Les chercheurs universitaires peuvent utiliser librement des documents du domaine public, mais que se passe-t-il lorsque leurs recherches nécessitent des documents protégés par le droit d’auteur datant d’aussi loin que les années 1930 ? Prenons l’exemple de la thèse de Kate Sampsell, « To Grab a Hunk of Lightning » : Une histoire intellectuelle de la photographie américaine de l’époque de la dépression. Au cours de la préparation de son manuscrit en vue de sa publication, Mme Sampsell a cherché à retrouver les titulaires de droits d’auteur sur des documents étayant un livre publié en 1932 qui exposait « les horreurs de la chaîne des gangs pour les Afro-Américains de Géorgie ». Le mémoire d’amicus curiae de la College Art Association et d’autres organisations soutenant le pétitionnaire dans l’affaire Eldred contre Ashcroft explique ce qui s’est passé : « Le dépôt qui détient ces matériaux ne lui permettait pas d’avoir des copies des documents écrits et des images, même pour son propre usage, et encore moins pour la publication.
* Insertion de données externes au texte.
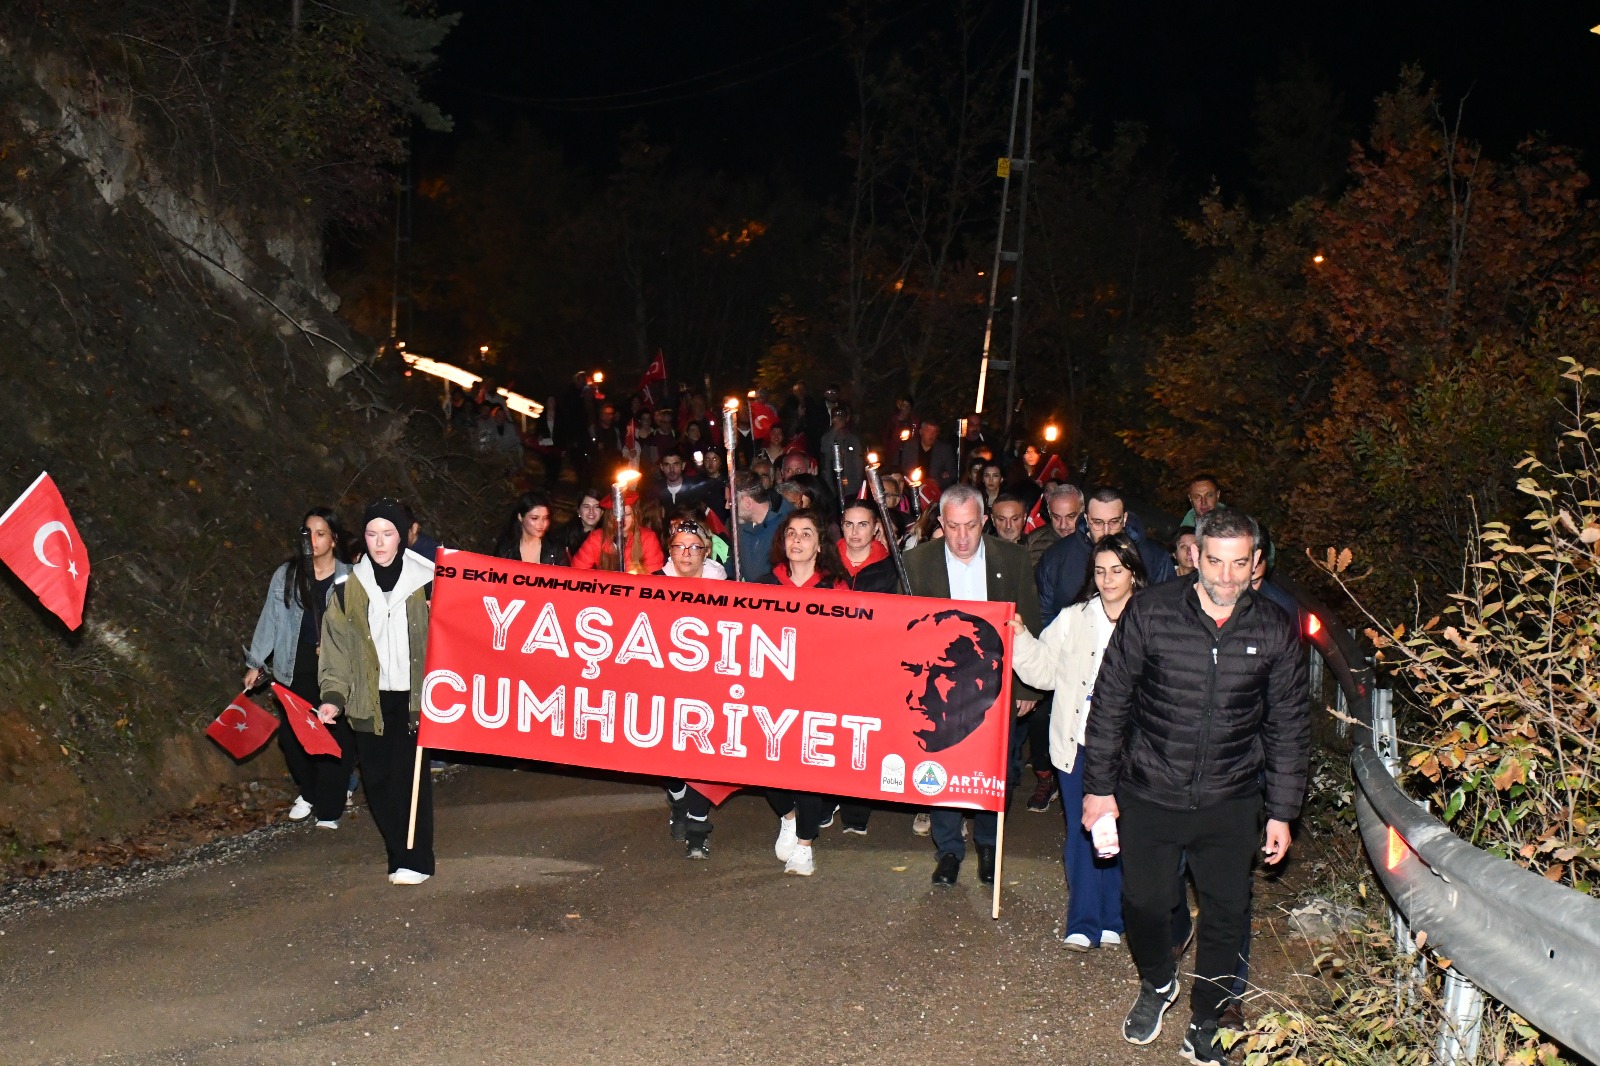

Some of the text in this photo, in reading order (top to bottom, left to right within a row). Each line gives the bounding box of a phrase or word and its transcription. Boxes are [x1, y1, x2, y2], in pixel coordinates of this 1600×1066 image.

Certains de ces documents, en fait, ont été pris au Bureau des prisons de Géorgie, qui voulait les supprimer. Avant le , ces documents seraient tombés dans le domaine public d’ici quelques années. La loi sur le droit d’auteur a réussi à faire taire ce que les ségrégationnistes n’ont pas pu faire. »
NOTE : Nombre des activités mises en avant ci-dessus dépendent de l’accès à des œuvres dont les droits d’auteur ont expiré. Le domaine public comprend également du matériel qui n’est pas du tout protégeable par des droits d’auteur, comme les idées, les faits et les genres – ce sont également des éléments de construction cruciaux pour la créativité et le progrès. En outre, de nombreuses activités importantes telles que la critique, le commentaire, le reportage et la citation limitée dépendent de l’usage loyal, qui vous permet d’utiliser des œuvres encore protégées par des droits d’auteur (et qui ne sont pas encore dans le domaine public) dans certaines circonstances.